Steve DiFillippo is a restaurateur and owner of the Davio’s restaurant group located in Atlanta, Boston, Philadelphia, Foxborough and the Avila’s restaurant in Boston. He is also the creator of a retail product line of spring rolls under the Davio’s brand.

==Education==
Steve DiFillippo graduated from Boston University in 1982 and attended The Cambridge School of Culinary Arts. During his college years, DiFillippo filled multiple roles at the SeaSide restaurant in Boston and finally assumed the executive chef position once he graduated from culinary school.

==Restaurants and business ventures==
In 1985, DiFillippo purchased an existing restaurant named Davio’s. The original Davio’s was opened in 1977 as a family-owned Italian restaurant. DiFillippo retooled the menu, the space, and the wine list to better suit his own culinary heritage.

DiFillippo opened Davio’s Philadelphia in 1999. At this location, he introduced an open kitchen concept and added an in-house bakery which produces all of Davio’s breads, desserts and homemade ice cream.

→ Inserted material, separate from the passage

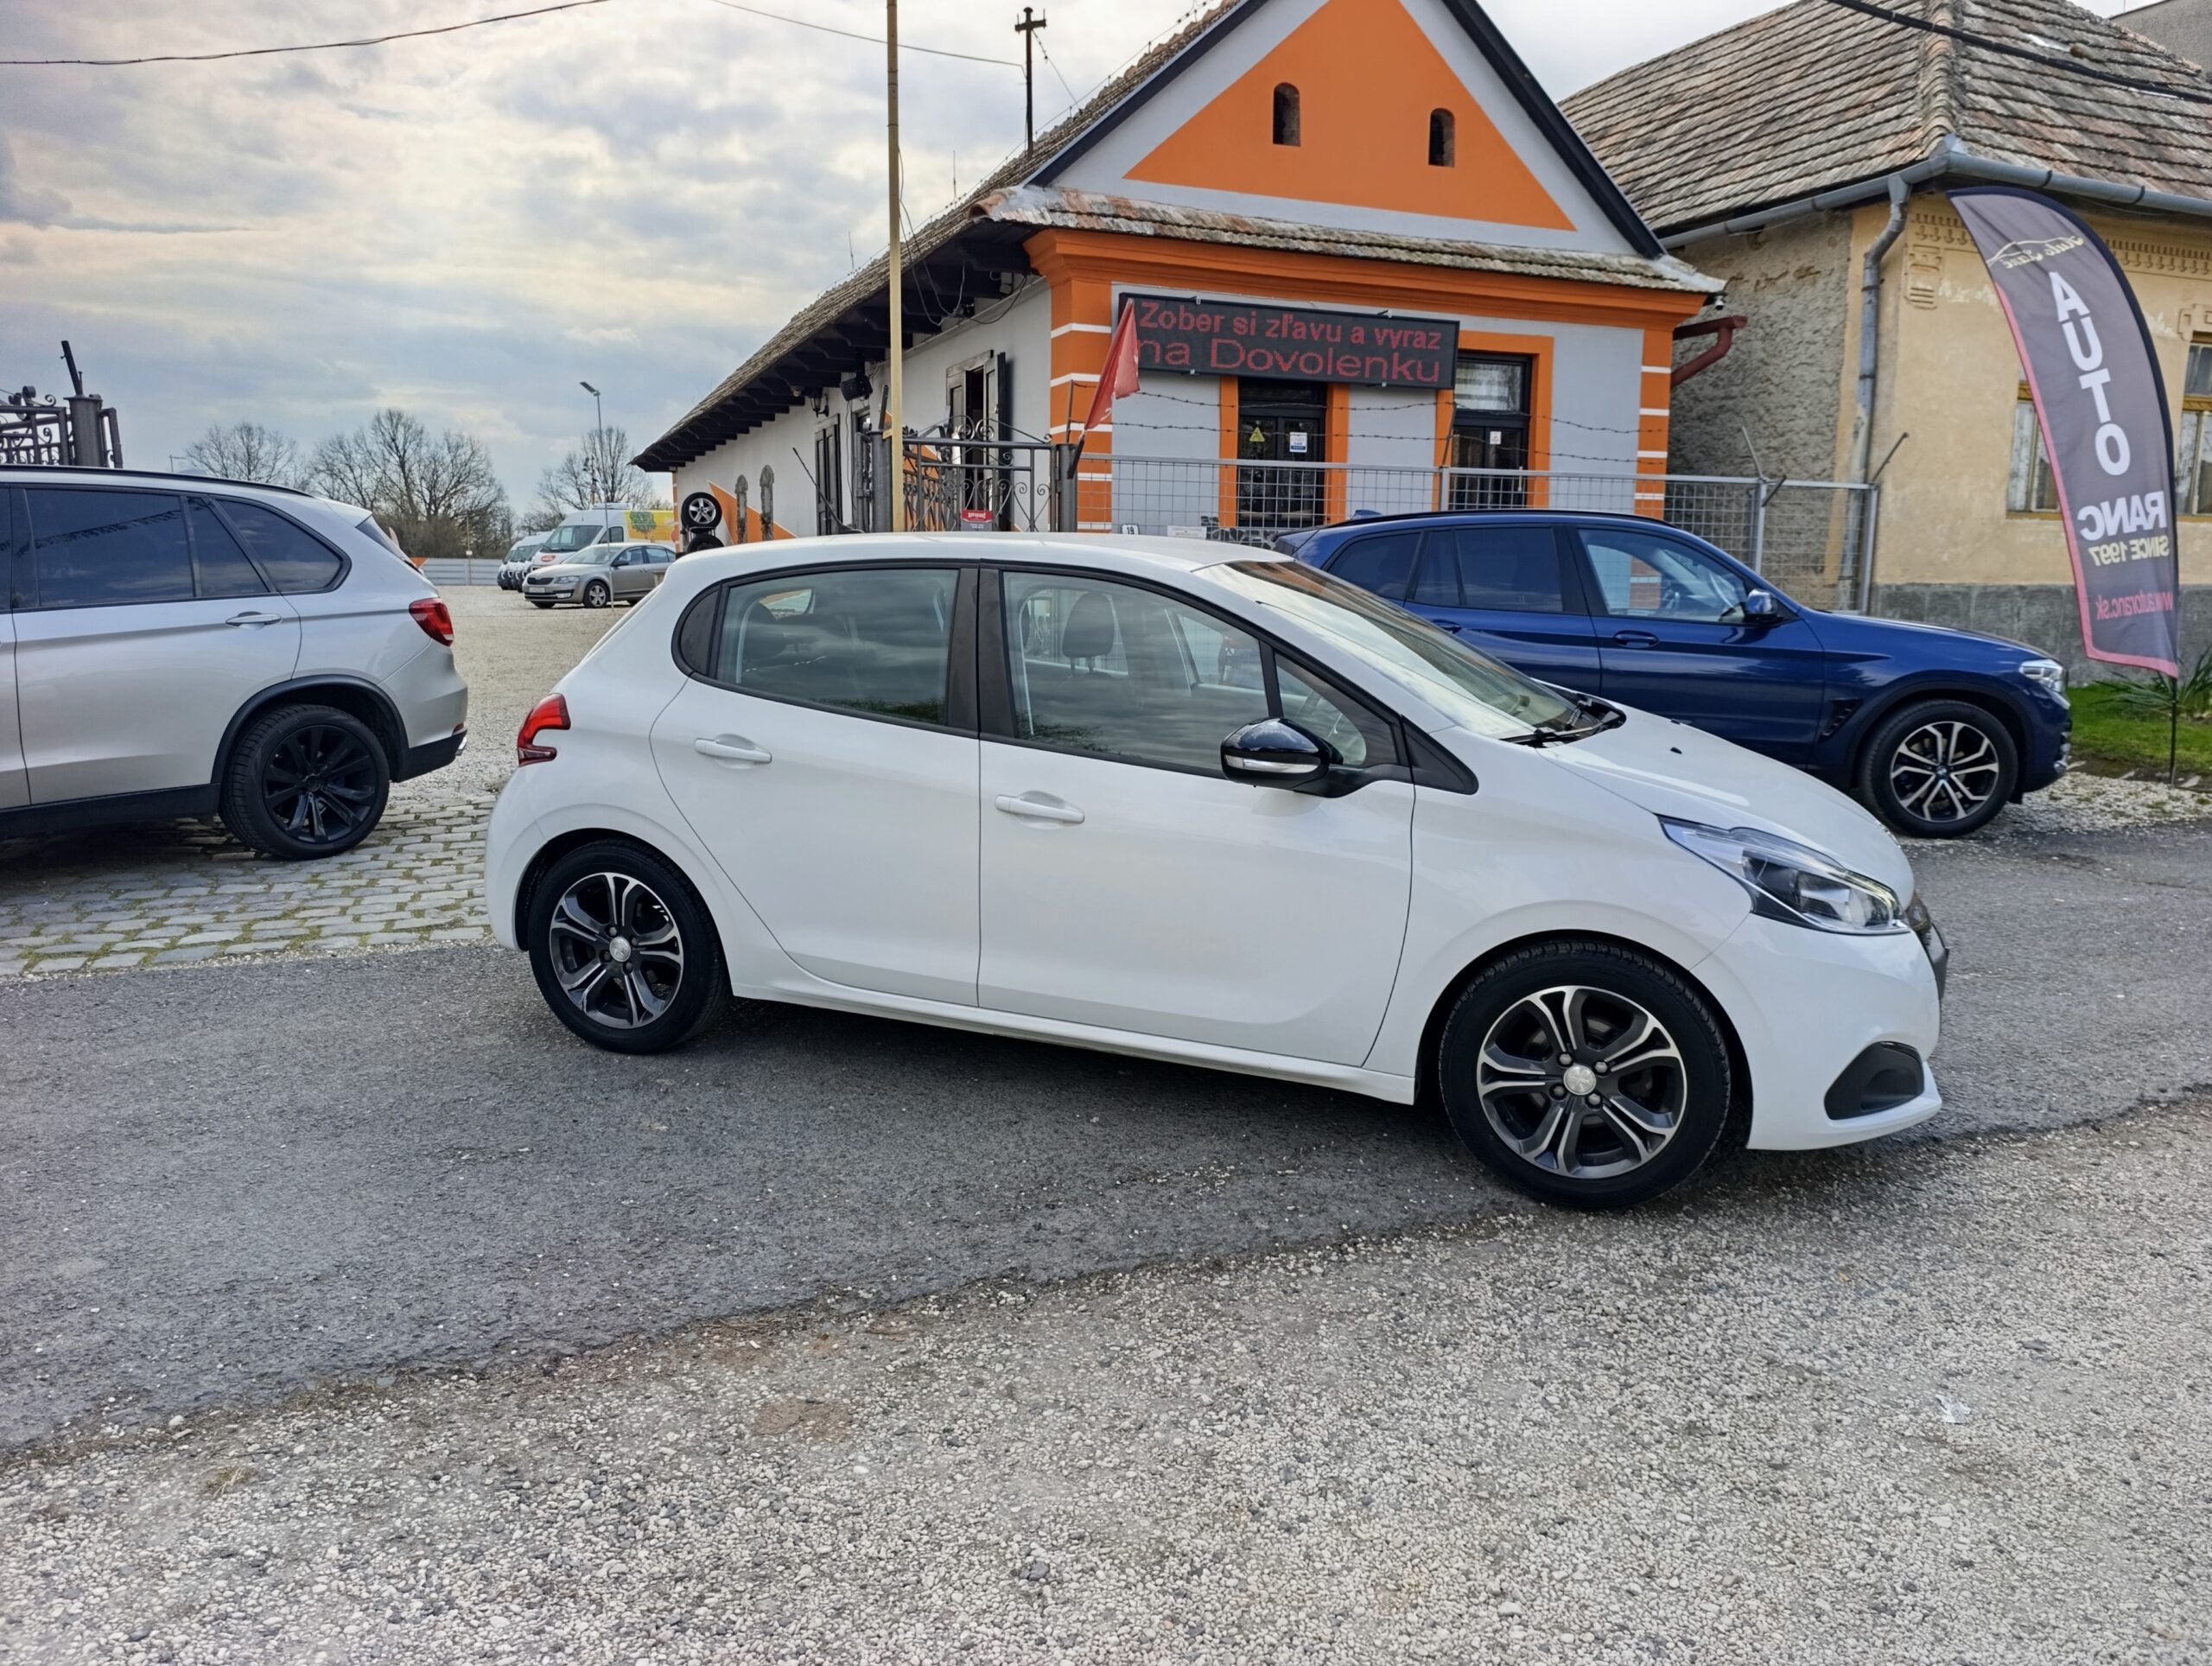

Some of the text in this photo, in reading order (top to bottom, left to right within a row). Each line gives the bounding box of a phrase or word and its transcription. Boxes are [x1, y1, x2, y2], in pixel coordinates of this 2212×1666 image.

[1139, 302, 1443, 350] Zober si zľavu a vyraz
[1138, 338, 1440, 382] na Dovolenku

In 2006, DiFillipo opened a restaurant under the separate brand Avila’s, focusing on pan-Mediterranean cuisine.

DiFillippo launched the “Philly Cheese Steak Spring Roll” in 2007 as a retail product sold nationally within the US, ultimately expanding into a variety of flavor options.

In 2008, DiFillipo opened Davio’s Patriot Place, which is located in the Patriot Place complex in order to take advantage of the demand for pre- and post-game entertainment.

In the fall of 2008 DiFillippo was inducted into the Massachusetts Restaurant Hall of Fame.

DiFillippo opened Davio’s Atlanta in August 2010 at Phipps Plaza in the Buckhead district of Atlanta, Georgia. His next venture is the opening of Davio’s New York across from Grand Central Station as well as another Davio’s location in his hometown of Lynnfield, Massachusetts, scheduled for the summer of 2013.

On November 5, 2020 Davio's opened in The Colony as part of the Grandscape Development, one of the largest and most unique mixed-use real estate developments in the country upon completion. Located in the Dallas, Texas, metropolitan area and being developed by Nebraska Furniture Mart, a Berkshire Hathaway company, the project will stretch across more than 400 acres, and feature more than 3.9 million square feet of retail, entertainment, residential, dining and attractions.

==Personal life==
DiFillippo is actively involved in groups and boards including: Taste of the NFL, Rodman Ride for Kids, The Cambridge School of Culinary Arts, Raising-a-Reader of Massachusetts, The Ron Burton Training Village, and The Boston Dining Alliance. He is a contributing Vice Chair of the Board of Overseers of the Anti-Defamation League, New England Region. He also contributes business and restaurant related articles to The Huffington Post.

DiFillippo lives in Wenham, Massachusetts with his wife Pamela and their four children.